Exercise:
Below are records; output exactly the lines from the one with "this 2048×1536 image." through their final line.

_ _ _ _ _ _ _

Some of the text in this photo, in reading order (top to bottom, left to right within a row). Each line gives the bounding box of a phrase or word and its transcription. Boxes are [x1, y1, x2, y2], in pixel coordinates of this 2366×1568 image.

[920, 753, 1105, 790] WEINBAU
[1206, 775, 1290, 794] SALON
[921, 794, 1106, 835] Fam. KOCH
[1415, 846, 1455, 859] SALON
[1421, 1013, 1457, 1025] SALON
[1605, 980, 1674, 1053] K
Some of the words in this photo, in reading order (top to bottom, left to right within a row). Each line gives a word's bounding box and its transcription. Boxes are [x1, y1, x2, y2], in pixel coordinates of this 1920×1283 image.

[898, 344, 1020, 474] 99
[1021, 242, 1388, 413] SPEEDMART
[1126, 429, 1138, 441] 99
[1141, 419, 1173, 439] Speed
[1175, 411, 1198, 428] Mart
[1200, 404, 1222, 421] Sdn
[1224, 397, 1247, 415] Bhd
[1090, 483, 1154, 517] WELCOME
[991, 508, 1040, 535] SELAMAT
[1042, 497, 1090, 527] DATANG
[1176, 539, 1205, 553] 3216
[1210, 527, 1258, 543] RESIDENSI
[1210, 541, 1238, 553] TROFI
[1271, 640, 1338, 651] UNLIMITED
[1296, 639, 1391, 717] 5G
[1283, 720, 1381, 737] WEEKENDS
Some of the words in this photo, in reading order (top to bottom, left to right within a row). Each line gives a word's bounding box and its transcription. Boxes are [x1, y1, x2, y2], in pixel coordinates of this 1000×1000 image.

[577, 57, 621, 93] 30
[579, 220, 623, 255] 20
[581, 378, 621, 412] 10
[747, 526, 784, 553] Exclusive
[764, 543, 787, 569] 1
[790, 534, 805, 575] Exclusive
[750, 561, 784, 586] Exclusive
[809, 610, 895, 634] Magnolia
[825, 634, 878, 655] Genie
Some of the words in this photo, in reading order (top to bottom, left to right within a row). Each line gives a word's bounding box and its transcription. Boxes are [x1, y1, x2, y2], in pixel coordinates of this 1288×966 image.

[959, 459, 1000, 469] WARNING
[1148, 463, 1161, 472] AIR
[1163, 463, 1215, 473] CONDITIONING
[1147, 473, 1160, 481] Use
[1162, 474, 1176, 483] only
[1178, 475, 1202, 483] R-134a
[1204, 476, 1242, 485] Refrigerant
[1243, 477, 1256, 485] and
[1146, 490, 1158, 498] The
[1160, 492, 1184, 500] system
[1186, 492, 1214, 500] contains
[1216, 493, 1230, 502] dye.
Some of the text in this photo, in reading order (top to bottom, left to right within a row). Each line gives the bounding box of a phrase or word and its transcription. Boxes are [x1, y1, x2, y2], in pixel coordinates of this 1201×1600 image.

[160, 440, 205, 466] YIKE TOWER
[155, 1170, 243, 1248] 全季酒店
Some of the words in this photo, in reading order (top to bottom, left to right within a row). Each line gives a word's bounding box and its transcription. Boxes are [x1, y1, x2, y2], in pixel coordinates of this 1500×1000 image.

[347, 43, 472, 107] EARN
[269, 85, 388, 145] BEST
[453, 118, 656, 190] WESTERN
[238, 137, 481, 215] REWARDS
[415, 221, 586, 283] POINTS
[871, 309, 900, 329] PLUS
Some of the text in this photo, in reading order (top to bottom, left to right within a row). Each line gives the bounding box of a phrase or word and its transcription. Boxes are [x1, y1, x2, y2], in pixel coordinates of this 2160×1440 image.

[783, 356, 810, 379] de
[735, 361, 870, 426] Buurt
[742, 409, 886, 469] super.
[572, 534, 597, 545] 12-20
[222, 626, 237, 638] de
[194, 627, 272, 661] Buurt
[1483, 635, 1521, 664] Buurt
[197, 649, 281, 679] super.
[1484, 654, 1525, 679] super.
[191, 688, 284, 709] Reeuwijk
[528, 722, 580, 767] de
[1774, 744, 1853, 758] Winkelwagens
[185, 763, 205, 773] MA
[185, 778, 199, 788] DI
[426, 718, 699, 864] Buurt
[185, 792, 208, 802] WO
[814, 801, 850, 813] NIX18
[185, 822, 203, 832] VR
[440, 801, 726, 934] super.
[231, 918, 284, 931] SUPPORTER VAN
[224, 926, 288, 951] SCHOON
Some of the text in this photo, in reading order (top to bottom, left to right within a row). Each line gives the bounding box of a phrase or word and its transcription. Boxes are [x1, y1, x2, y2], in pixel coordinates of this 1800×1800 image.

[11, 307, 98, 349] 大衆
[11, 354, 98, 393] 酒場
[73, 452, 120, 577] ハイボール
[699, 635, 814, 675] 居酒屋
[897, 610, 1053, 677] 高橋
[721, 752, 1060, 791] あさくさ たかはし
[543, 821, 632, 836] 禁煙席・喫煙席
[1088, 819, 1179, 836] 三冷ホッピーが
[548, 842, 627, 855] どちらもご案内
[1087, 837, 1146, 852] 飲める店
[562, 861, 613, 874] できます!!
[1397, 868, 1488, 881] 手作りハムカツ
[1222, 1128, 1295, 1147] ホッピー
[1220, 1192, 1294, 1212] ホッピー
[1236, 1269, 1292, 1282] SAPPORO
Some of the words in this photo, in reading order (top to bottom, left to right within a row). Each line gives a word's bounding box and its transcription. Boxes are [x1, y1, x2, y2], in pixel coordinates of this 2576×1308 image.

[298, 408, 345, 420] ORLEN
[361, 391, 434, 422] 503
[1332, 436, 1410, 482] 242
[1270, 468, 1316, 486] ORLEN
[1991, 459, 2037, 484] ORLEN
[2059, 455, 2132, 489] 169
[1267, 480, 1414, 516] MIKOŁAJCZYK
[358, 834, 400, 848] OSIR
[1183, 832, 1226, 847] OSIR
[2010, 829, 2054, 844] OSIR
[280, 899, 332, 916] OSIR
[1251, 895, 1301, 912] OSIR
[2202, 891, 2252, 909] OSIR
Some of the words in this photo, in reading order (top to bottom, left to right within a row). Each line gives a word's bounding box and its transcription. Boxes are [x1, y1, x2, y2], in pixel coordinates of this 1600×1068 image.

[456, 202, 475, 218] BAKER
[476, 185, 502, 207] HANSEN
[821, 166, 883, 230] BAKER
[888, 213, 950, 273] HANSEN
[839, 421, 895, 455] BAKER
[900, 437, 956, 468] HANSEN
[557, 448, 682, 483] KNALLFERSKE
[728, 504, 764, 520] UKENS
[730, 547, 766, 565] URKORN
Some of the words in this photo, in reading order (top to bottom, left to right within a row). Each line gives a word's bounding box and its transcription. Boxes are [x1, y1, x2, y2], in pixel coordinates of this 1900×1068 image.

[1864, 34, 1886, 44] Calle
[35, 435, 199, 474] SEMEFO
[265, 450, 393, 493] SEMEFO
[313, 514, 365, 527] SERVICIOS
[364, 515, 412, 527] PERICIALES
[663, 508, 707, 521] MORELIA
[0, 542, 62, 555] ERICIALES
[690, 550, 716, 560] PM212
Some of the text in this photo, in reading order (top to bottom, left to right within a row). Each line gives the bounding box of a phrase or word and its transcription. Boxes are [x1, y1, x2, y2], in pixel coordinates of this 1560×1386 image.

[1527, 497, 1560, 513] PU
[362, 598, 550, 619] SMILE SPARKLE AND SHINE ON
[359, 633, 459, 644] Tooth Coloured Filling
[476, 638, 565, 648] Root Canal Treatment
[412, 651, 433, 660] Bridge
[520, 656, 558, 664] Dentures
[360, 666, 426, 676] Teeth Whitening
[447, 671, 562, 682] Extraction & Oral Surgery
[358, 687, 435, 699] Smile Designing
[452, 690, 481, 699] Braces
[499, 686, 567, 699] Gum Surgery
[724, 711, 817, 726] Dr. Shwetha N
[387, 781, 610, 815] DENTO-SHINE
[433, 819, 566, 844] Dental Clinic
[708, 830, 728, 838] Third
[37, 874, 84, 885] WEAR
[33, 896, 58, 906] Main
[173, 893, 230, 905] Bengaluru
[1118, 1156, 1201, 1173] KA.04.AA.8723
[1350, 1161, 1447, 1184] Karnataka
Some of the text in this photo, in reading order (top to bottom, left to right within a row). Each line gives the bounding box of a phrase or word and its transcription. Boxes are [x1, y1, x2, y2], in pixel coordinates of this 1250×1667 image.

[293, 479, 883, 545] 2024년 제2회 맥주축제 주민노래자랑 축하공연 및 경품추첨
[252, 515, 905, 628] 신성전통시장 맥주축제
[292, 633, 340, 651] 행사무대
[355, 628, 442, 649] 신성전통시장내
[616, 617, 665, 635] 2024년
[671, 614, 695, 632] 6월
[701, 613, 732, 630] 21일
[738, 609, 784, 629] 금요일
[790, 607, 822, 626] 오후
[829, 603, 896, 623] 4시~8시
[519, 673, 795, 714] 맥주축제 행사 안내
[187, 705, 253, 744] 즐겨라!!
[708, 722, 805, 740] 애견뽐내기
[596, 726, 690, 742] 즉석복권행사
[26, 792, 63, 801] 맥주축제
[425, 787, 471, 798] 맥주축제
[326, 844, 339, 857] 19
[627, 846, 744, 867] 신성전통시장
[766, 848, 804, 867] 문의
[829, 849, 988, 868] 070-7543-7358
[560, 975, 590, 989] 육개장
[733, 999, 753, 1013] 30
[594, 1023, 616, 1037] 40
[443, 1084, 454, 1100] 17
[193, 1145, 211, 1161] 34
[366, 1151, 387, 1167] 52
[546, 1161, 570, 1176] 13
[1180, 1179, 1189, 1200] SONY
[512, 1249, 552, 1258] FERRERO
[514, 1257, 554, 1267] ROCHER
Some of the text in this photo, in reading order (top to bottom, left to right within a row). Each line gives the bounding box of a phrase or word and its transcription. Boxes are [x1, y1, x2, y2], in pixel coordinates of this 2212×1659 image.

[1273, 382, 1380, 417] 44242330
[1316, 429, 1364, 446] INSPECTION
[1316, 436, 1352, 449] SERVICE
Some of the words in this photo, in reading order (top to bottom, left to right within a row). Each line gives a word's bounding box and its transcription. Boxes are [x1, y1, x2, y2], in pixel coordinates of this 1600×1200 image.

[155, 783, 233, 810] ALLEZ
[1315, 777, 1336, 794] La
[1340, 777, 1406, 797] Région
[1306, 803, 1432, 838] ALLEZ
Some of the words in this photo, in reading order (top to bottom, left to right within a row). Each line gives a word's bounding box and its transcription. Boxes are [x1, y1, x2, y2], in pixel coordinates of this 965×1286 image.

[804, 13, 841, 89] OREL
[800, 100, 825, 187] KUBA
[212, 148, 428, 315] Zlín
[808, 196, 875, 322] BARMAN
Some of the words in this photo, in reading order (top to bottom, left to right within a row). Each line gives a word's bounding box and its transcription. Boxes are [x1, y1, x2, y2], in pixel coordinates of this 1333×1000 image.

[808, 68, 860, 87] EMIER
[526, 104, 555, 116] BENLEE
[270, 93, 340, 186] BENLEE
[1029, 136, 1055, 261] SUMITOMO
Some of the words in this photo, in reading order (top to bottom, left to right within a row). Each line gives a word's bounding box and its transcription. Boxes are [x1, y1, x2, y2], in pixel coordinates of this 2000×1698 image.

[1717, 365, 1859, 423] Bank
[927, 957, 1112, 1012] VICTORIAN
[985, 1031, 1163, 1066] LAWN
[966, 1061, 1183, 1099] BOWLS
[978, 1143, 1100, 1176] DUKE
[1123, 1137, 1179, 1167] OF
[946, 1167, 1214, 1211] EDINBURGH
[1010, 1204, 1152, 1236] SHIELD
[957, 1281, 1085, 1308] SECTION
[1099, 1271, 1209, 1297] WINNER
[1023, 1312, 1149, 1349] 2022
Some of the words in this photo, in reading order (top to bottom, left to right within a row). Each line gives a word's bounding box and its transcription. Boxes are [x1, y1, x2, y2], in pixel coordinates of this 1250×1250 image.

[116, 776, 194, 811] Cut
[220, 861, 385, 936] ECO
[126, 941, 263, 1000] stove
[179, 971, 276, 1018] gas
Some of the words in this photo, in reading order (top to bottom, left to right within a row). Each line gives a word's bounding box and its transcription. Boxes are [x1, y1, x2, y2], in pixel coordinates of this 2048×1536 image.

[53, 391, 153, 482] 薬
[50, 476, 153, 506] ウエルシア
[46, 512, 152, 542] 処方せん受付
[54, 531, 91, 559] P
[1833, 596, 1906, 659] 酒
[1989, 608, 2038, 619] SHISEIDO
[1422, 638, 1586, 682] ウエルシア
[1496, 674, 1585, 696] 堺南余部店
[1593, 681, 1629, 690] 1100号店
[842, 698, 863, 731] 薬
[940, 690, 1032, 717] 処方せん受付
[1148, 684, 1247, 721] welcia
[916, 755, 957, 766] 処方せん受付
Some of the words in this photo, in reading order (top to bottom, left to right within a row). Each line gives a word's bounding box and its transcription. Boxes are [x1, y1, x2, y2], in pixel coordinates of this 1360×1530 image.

_ _ _ _ _ _ _

Answer for this exercise:
Some of the words in this photo, in reading order (top to bottom, left to right within a row). Each line gives a word's bounding box and its transcription. Boxes are [x1, y1, x2, y2], in pixel coordinates of this 2048×1536 image.

[53, 391, 153, 482] 薬
[50, 476, 153, 506] ウエルシア
[46, 512, 152, 542] 処方せん受付
[54, 531, 91, 559] P
[1833, 596, 1906, 659] 酒
[1989, 608, 2038, 619] SHISEIDO
[1422, 638, 1586, 682] ウエルシア
[1496, 674, 1585, 696] 堺南余部店
[1593, 681, 1629, 690] 1100号店
[842, 698, 863, 731] 薬
[940, 690, 1032, 717] 処方せん受付
[1148, 684, 1247, 721] welcia
[916, 755, 957, 766] 処方せん受付
Some of the words in this photo, in reading order (top to bottom, left to right within a row). Each line gives a word's bounding box and its transcription. Boxes are [x1, y1, x2, y2], in pixel coordinates of this 1360×1530 image.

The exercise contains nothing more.